The sign says $2.00 but when you get to the register its only $1.00.  I am not sure why, but hey, I am not complaining.  This drywall comes from damaged pieces when they are unloading their large quantities into their store.  I grabbed two large pieces for $1.00 a pop.  (are you counting?  So far I have spent $4.00.)  While at Lowes I picked up a box of picture hangers.  I decided to get the kind you have to nail the little nails in.   I needed 18.  The ones I got (not found online) there were 6 in the box so at $1.65 a pop I spent about $5.00 for that (My total is now up to $9.00) 

When the hubs and I flipped house we bought contractor packs of everything.  We have had enough liquid nails to last almost a year.  The stash is dwindling but I had enough for this project.  I also had staples and a staple gun.  I was able to find some silver flat-headed nails in our stash of random out in the garage.  All I had left was the fabric.

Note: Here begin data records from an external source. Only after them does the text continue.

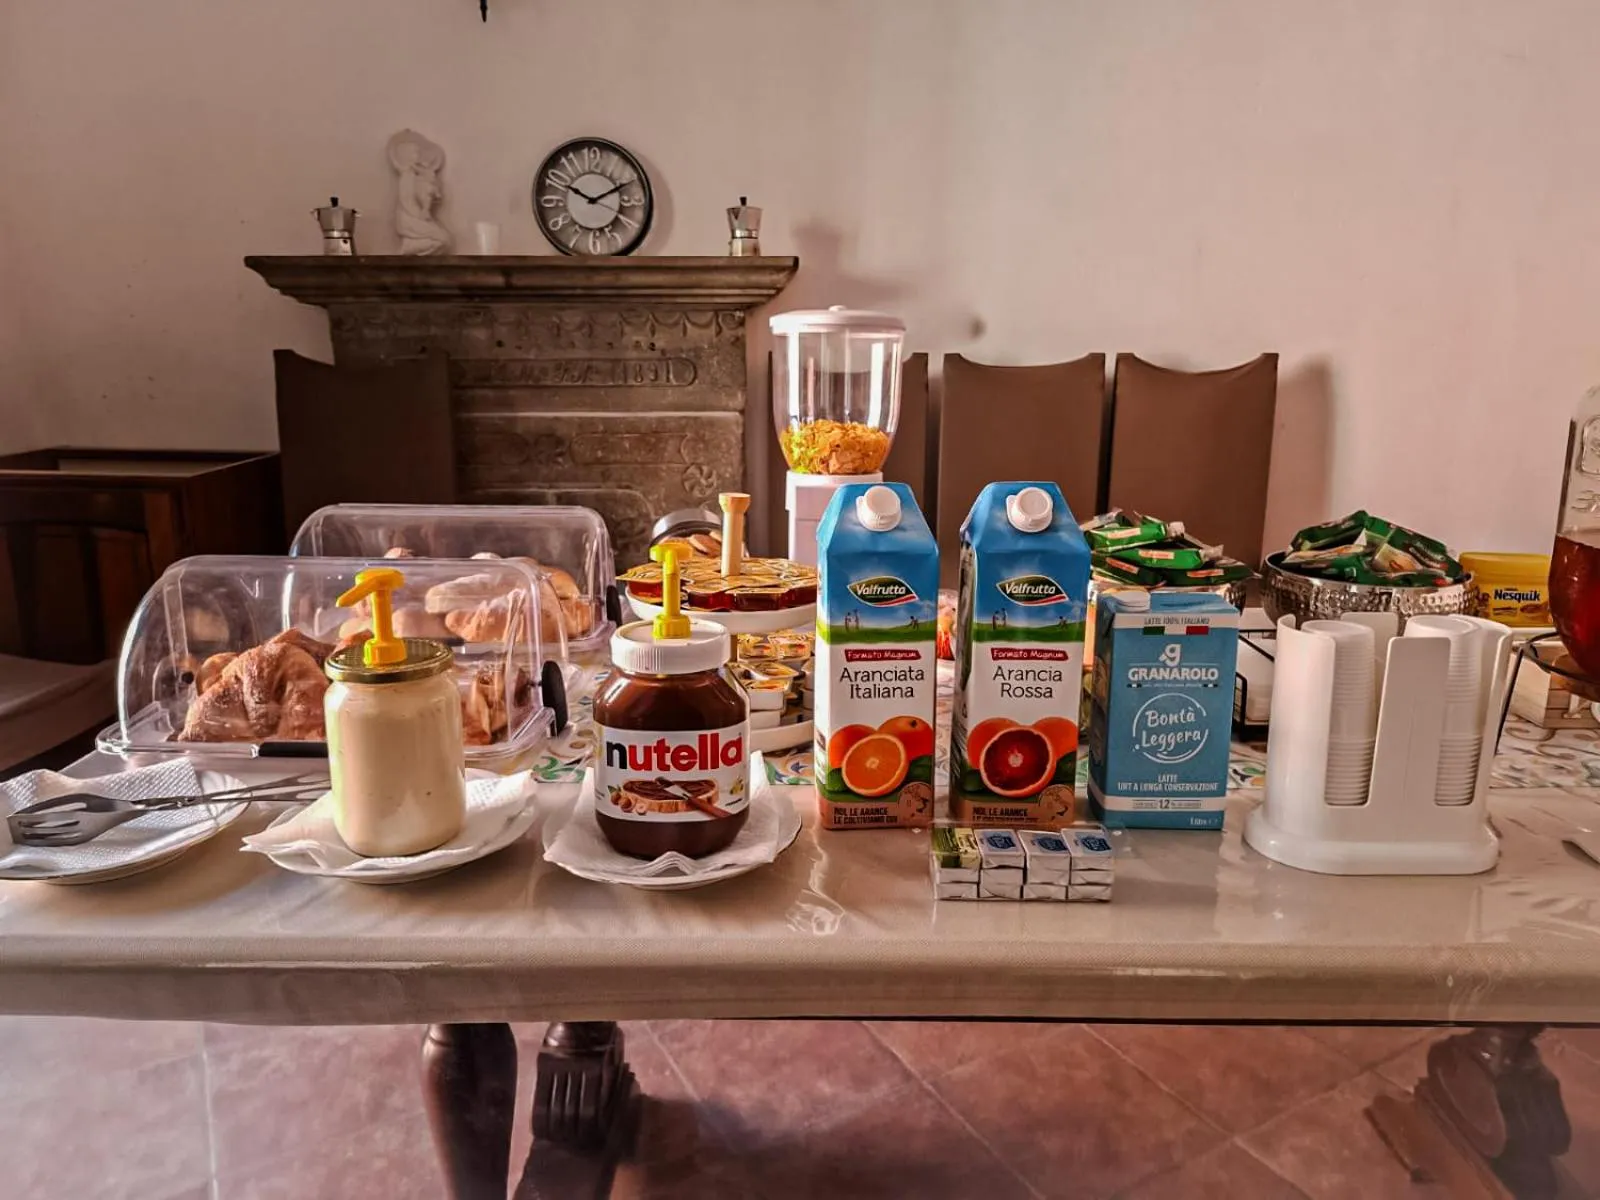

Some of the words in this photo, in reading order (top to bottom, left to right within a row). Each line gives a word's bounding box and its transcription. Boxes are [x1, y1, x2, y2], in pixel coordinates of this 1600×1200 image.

[560, 152, 584, 178] 11
[581, 147, 601, 173] 12
[545, 169, 572, 192] 10
[541, 195, 565, 208] 9
[620, 196, 645, 207] 3
[548, 213, 572, 231] 8
[569, 225, 582, 249] 7
[588, 230, 601, 256] 6
[855, 582, 907, 596] Valfrutta
[1004, 581, 1057, 596] Valfrutta
[1493, 588, 1541, 603] Nesquik
[847, 651, 882, 659] Formato
[883, 651, 917, 660] Magnum
[993, 650, 1028, 659] Formato
[1030, 650, 1064, 660] Magnum
[840, 665, 925, 682] Aranciata
[992, 665, 1063, 682] Arancia
[1127, 667, 1219, 681] GRANAROLO
[850, 684, 915, 699] Italiana
[1000, 683, 1053, 699] Rossa
[1145, 706, 1196, 728] Bontà
[1141, 730, 1202, 752] Leggera
[605, 733, 743, 772] nutella
[1157, 774, 1178, 783] LATTE
[1164, 782, 1219, 792] CONSERVAZIONE

A few days later I went on a fun errand day with my friend Ashley. Of course, on my list of errands was to stop by a random quilt store that we have in my hometown.  It does not compare to my favorite fabric store 45 minutes away but it has a pretty good selection of solids.  I wanted my printables to stand out so I was looking for light grey solid upholstery fabric.  The good news…they had two options.  The great news was that one was in the clearance room.  SCORE!  I bought two yards at $3.50 a yard.  ( The total now is at $16.00)  I was ready to start!

I had to modify my original pattern when I got home.  I will share why Wednesday.  I want to skip that stuff to tell you how I made these.

Here is how:

1.)  I went home and cut the drywall the same size as the plywood (17 X 22)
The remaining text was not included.